REQUIREMENT:
When you come to the line with "this 1920×1440 image.", begin repeating; continue exactly through the final line of the records and include nothing from before.

AVAILABLE DATA:
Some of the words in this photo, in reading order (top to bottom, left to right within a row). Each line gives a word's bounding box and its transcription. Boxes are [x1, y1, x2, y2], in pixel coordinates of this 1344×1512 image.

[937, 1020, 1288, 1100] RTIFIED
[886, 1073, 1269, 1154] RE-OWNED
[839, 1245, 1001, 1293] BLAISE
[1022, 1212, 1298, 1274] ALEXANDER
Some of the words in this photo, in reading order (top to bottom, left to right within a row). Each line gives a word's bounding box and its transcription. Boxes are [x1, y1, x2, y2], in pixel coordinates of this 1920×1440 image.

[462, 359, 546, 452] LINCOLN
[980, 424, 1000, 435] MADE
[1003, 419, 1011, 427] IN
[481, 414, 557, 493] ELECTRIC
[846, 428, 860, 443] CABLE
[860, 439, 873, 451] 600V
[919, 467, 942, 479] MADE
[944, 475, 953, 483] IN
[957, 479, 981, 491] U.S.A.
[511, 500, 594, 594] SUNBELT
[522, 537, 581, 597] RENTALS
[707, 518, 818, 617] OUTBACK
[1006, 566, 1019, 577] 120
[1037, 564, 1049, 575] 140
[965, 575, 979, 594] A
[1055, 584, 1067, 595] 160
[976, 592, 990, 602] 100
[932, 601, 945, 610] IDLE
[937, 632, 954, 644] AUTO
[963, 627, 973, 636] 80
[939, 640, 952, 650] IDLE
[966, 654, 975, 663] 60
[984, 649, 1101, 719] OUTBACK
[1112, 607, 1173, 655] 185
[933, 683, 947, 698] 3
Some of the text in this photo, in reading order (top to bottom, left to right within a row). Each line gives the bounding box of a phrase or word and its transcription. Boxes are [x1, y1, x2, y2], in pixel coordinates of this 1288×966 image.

SOLVED EXERCISE:
Some of the words in this photo, in reading order (top to bottom, left to right within a row). Each line gives a word's bounding box and its transcription. Boxes are [x1, y1, x2, y2], in pixel coordinates of this 1920×1440 image.

[462, 359, 546, 452] LINCOLN
[980, 424, 1000, 435] MADE
[1003, 419, 1011, 427] IN
[481, 414, 557, 493] ELECTRIC
[846, 428, 860, 443] CABLE
[860, 439, 873, 451] 600V
[919, 467, 942, 479] MADE
[944, 475, 953, 483] IN
[957, 479, 981, 491] U.S.A.
[511, 500, 594, 594] SUNBELT
[522, 537, 581, 597] RENTALS
[707, 518, 818, 617] OUTBACK
[1006, 566, 1019, 577] 120
[1037, 564, 1049, 575] 140
[965, 575, 979, 594] A
[1055, 584, 1067, 595] 160
[976, 592, 990, 602] 100
[932, 601, 945, 610] IDLE
[937, 632, 954, 644] AUTO
[963, 627, 973, 636] 80
[939, 640, 952, 650] IDLE
[966, 654, 975, 663] 60
[984, 649, 1101, 719] OUTBACK
[1112, 607, 1173, 655] 185
[933, 683, 947, 698] 3
Some of the text in this photo, in reading order (top to bottom, left to right within a row). Each line gives the bounding box of a phrase or word and its transcription. Boxes are [x1, y1, x2, y2], in pixel coordinates of this 1288×966 image.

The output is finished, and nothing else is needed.